A team led by Professor Minxin Huang from the Department of Mechanical Engineering at the University of Hong Kong has made significant advances in the field of stainless steel. This latest innovation focuses on the development of hydrogen grade stainless steel known as SS-H.₂.

This achievement is part of Professor Huang’s ongoing Supersteel project; This project has previously made significant progress in the development of stainless steel for protection against COVID-19 in 2021 and in the development of ultra-high-strength and ultra-high-strength super steel in 2017 and 2020. .

The new steel developed by the team shows high corrosion resistance, allowing it to be potentially applied in the production of green hydrogen from seawater, where a new sustainable solution is still being developed.

The new steel’s performance in a brine electrolyzer is comparable to current industrial practice, where titanium is used as structural parts to produce hydrogen from desalinated seawater or acid, while the new steel costs much less.

The discovery was published in a journal Today’s Ingredients. The research advances are currently filed for patents in many countries, and two of them have already been granted.

Revolutionary resistance to corrosion

Stainless steel has always been an important material widely used in corrosive environments since its discovery a century ago. Chromium is an important element in determining the corrosion resistance of stainless steel. The passive film is formed by the oxidation of chromium (Cr) and protects stainless steel in the natural environment. Unfortunately, this common Cr-based one-time passivation mechanism has stalled the further development of stainless steel. Due to further oxidation of stable Cr₂HE₃ Based on the soluble forms of Cr(VI), transpassive corrosion inevitably occurs in conventional stainless steel at ~1000 mV (saturated calomel electrode, SCE); this is below the potential required for water oxidation at ~1600 mV.

For example, super stainless steel 254SMO is the benchmark among Cr-based anti-corrosion alloys and has excellent resistance to spot correction in seawater; however, transpassive corrosion limits its application at higher potentials.

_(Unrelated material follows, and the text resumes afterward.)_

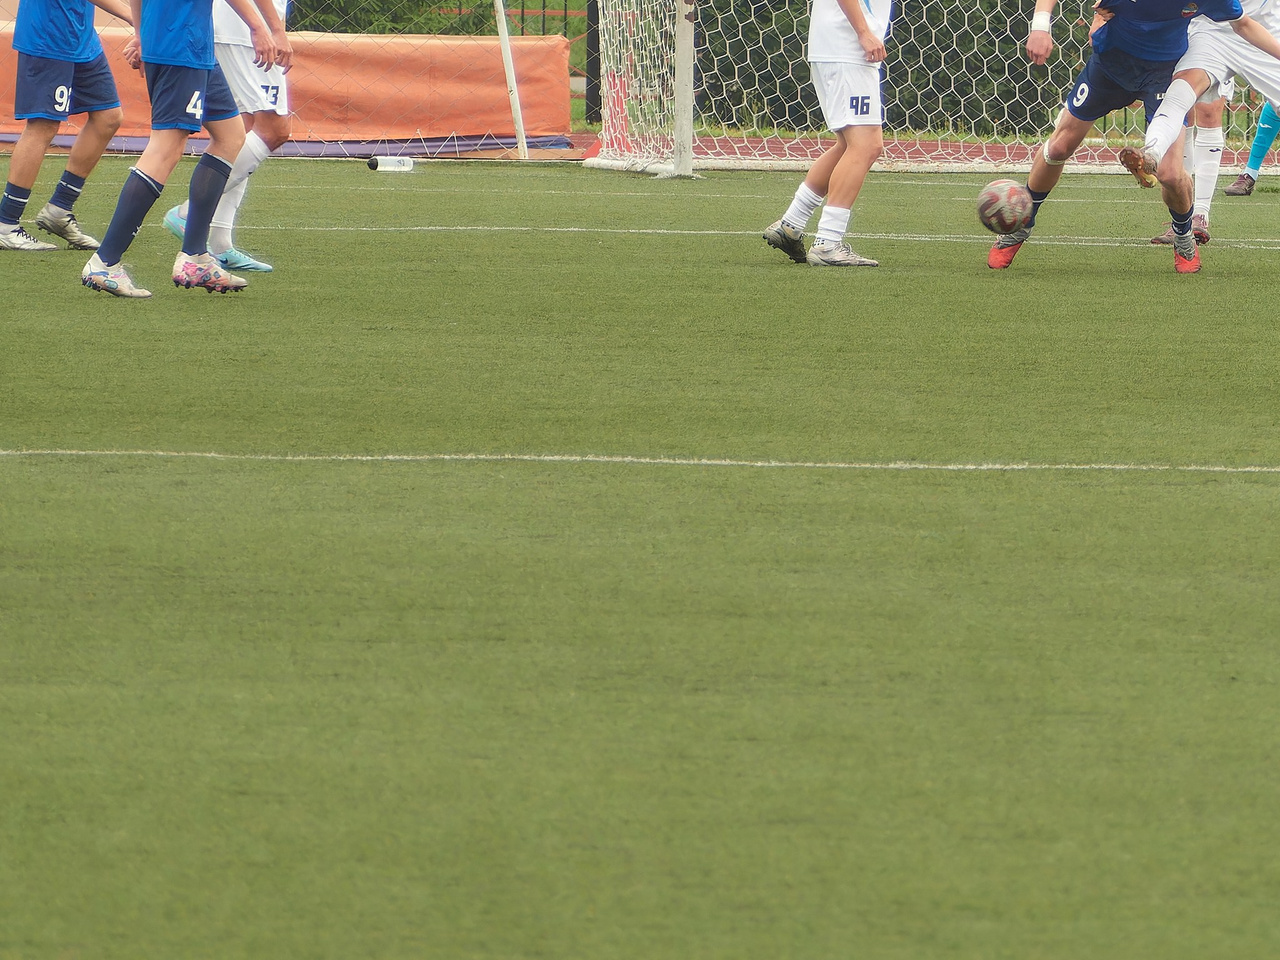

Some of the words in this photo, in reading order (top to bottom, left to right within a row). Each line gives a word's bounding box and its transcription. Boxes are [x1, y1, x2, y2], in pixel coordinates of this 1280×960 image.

Professor Huang’s research group developed a new SS-H using the “sequential pair passivation” strategy₂ It has excellent corrosion resistance. In addition to a Cr-based passive layer₂HE₃, the secondary Mn-based layer is formed on the previous Cr-based layer at ∼720 mV. Sequential double passivation mechanism prevents SS-H corrosion₂ In chloride environments up to ultra-high potential of 1700 mV. SS-H₂ It represents a fundamental breakthrough compared to traditional stainless steel.

Unexpected discoveries and potential applications

“At first we did not believe it because the prevailing opinion was that Mn worsens the corrosion resistance of stainless steel. Manganese-based passivation is a counterintuitive discovery that cannot be explained by the current knowledge in corrosion science. But when numerous results were presented at the atomic level, we were convinced. Besides being surprised, we were also surprised to use this mechanism We can’t wait,” said Dr. Kaiping Yu.

The team devoted nearly six years to their work, from the initial discovery of the innovative stainless steel to achieving a breakthrough in scientific understanding and ultimately preparing for formal publication and hopefully industrial application.

“Unlike the current corrosion community, which generally focuses on resistance to inherent potentials, we specialize in the development of alloys resistant to high potentials. Our strategy has overcome the fundamental limitations of conventional stainless steel and created a paradigm for the development of alloys suitable for high potentials. This breakthrough brings exciting and new applications. ” Professor Huang said.

Currently water electrolyzers in desalinated seawater or acidic solutions require expensive Au or Pt-coated Ti for structural components. For example, the total cost of a 10 MW PEM electrolysis tank system is currently approximately HK$17.8 million, with structural components accounting for 53% of the total cost. The discovery made by Professor Huang’s team makes it possible to replace these expensive structural components with more economical steel. It is estimated that SS-H was used.₂By introducing best practices in industrial applications, it is expected to reduce the cost of structural material by approximately 40 times.

“From experimental materials to real products such as meshes and foams for water electrolyzers, there are still challenges ahead. We have now taken a big step towards industrialization. Tons of SS-H2-based wires have been produced in cooperation with a factory on the mainland. We are moving forward with the more economical SS-H ₂ in the production of hydrogen from renewable sources,” added Professor Huang.